Like all adrenergic receptors, beta2 receptors are coupled with a G-protein. These proteins consist of three units: a beta unit, a gamma unit, and an alpha unit which has enzymic activity, converting GTP (guanosine 5'-triphosphate) to (GDP (guanosine 5'-diphosphate). When the beta2 receptor is not activated by a salbutamol molecule, the G-protein exists as an unattached alpha-beta-gamma trimer, with GDP occupying the site on the alpha subunit.
When a salbutamol molecule binds to a beta2 receptor, the receptor deforms, and acquires a high affinity for the G-protein. However, when the protein binds to the receptor, GDP dissociates from it and is replaced by GTP. This step leads to the G-protein breaking up, with alpha-GTP separating from the beta-gamma unit.
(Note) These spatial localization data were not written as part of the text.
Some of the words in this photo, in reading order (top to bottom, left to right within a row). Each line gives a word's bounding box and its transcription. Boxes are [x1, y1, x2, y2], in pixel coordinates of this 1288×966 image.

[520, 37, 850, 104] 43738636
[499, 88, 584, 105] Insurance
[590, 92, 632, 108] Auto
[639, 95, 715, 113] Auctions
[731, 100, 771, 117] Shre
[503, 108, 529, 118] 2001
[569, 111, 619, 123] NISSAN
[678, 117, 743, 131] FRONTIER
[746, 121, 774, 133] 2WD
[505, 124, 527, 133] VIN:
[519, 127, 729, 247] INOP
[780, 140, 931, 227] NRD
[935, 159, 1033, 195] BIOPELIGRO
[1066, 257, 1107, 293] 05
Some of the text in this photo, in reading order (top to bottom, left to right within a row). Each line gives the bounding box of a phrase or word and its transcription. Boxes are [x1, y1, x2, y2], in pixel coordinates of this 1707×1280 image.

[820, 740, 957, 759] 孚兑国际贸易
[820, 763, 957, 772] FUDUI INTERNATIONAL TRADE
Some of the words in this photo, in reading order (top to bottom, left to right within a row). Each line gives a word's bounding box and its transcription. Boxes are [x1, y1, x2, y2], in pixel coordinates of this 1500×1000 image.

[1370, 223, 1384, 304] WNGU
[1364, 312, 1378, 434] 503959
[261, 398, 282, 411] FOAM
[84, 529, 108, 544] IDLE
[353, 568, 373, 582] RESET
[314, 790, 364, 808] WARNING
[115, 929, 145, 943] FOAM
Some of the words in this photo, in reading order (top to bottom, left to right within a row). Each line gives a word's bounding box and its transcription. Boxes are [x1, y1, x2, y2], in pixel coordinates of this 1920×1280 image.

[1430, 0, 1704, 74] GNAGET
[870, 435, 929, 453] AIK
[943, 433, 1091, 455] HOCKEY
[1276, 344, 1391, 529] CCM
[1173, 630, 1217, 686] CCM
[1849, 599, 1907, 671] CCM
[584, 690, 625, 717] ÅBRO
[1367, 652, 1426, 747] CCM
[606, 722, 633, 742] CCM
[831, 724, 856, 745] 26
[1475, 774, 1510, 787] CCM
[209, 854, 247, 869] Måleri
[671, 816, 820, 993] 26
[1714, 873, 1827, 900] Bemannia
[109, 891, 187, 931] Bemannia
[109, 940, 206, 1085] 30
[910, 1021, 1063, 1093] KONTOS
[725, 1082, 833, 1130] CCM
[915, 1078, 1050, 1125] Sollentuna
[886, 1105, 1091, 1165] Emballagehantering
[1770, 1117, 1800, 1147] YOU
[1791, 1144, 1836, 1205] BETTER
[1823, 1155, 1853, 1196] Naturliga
Alpha-GTP diffuses freely through the membrane to the enzyme adenylyl cyclase, found within cells.
Alpha-GTP is capable of binding with adenylyl cyclase, activating the enzyme and prompting it to synthesise cyclic 3’,5’-adenosine monophosphate (cAMP) from adenosine 5'-triphosphate (ATP).
This synthesis of cAMP leads to the activation of protein kinase A, which phosphorylates (thus deactivates) the enzyme myosin-light-chain kinase (required for muscle contraction) and lowers intracellular ionic calcium concentrations, resulting in relaxation. Bronchodilation occurs within 15 minutes of inhalation and has an effective duration of 6 hours.
The diagram below summarises how activation of a beta2 receptor leads to a biologic effect
Thus the presence of salbutamol results in increased cAMP concentration, which leads to the relaxation of muscle tissue.